• _WHAT TO PRODUCE_
In your copy, leave out the pictures and repeat the entries below exactly.

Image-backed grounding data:
========================================

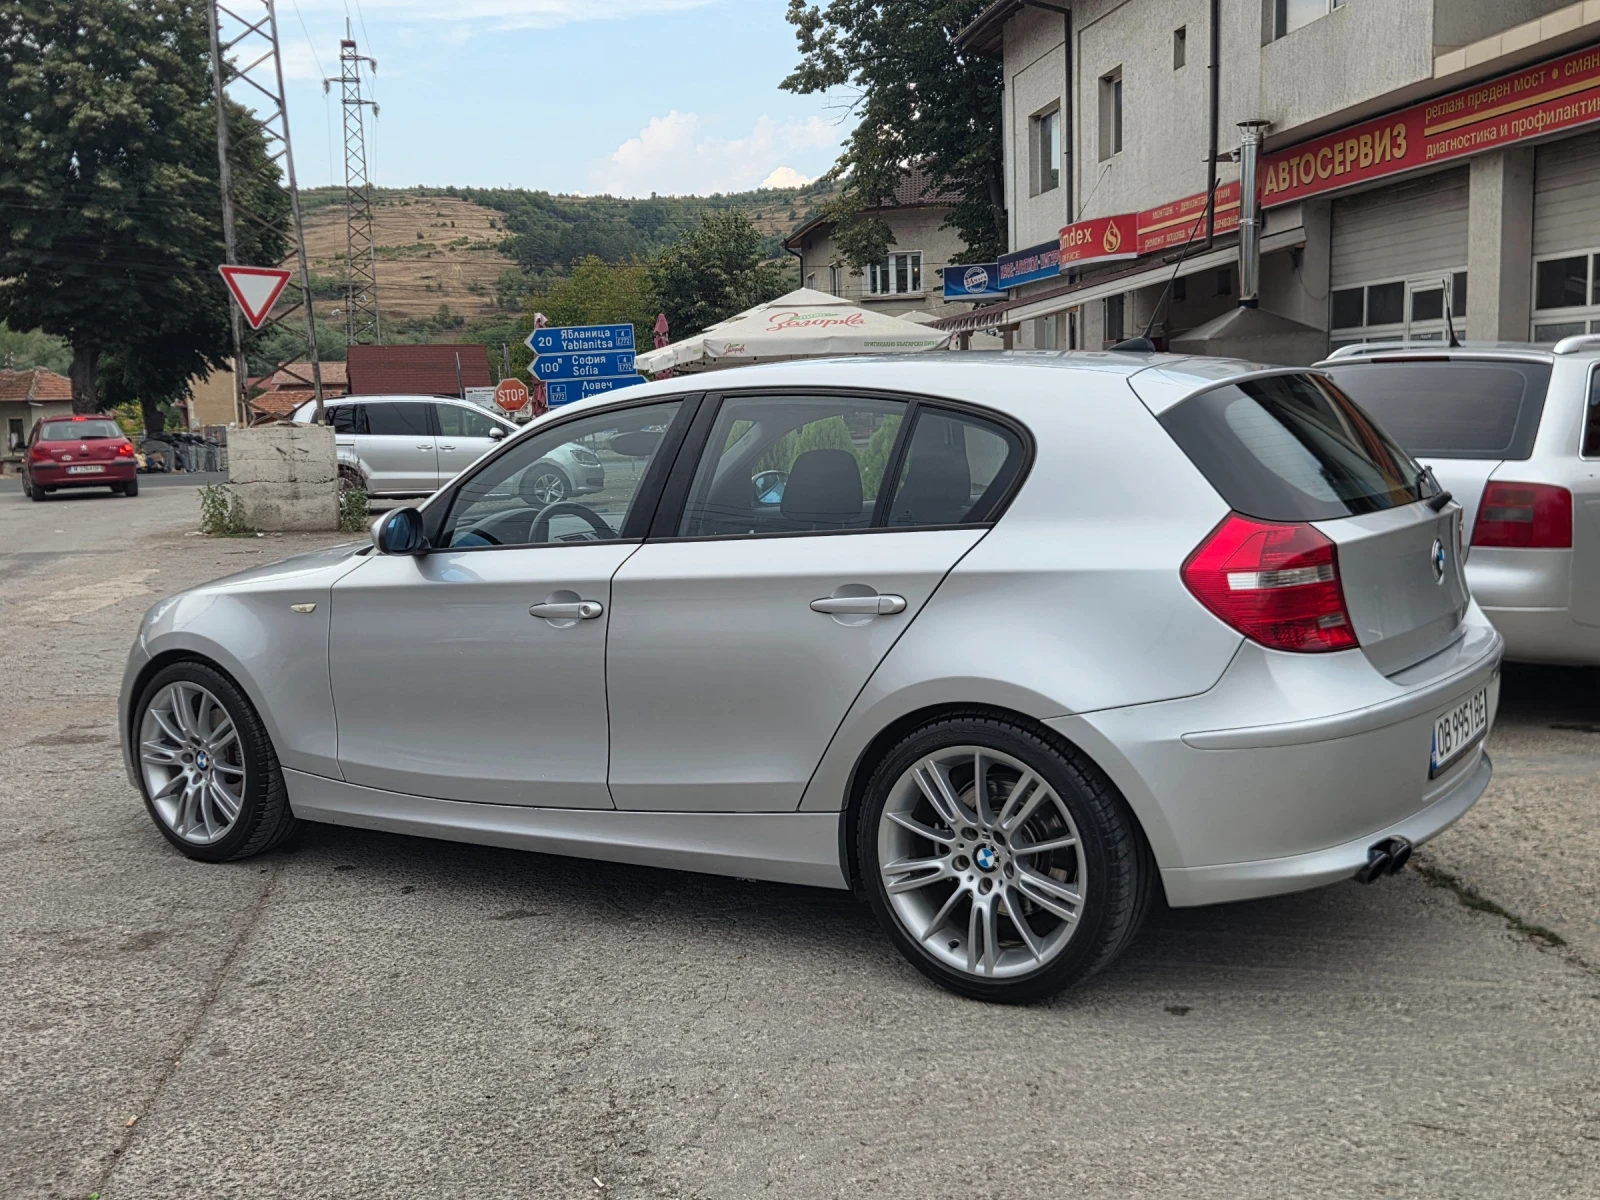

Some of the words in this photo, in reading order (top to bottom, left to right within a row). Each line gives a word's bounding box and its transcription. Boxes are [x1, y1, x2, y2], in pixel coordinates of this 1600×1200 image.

[1425, 96, 1465, 124] реглаж
[1467, 82, 1511, 110] преден
[1514, 71, 1546, 92] мост
[1426, 128, 1497, 160] диагностика
[1500, 123, 1508, 137] и
[1264, 123, 1407, 195] АВТОСЕРВИЗ
[560, 329, 611, 340] Ябланица
[538, 337, 553, 347] 20
[561, 339, 613, 350] Yablanitsa
[617, 337, 630, 345] E772
[572, 355, 606, 365] София
[540, 362, 559, 373] 100
[572, 366, 599, 376] Sofia
[582, 381, 613, 390] Ловеч
[498, 388, 525, 402] STOP
[551, 393, 565, 401] E772

========================================

• _EXPECTED ANSWER_
Some of the words in this photo, in reading order (top to bottom, left to right within a row). Each line gives a word's bounding box and its transcription. Boxes are [x1, y1, x2, y2], in pixel coordinates of this 1600×1200 image.

[1425, 96, 1465, 124] реглаж
[1467, 82, 1511, 110] преден
[1514, 71, 1546, 92] мост
[1426, 128, 1497, 160] диагностика
[1500, 123, 1508, 137] и
[1264, 123, 1407, 195] АВТОСЕРВИЗ
[560, 329, 611, 340] Ябланица
[538, 337, 553, 347] 20
[561, 339, 613, 350] Yablanitsa
[617, 337, 630, 345] E772
[572, 355, 606, 365] София
[540, 362, 559, 373] 100
[572, 366, 599, 376] Sofia
[582, 381, 613, 390] Ловеч
[498, 388, 525, 402] STOP
[551, 393, 565, 401] E772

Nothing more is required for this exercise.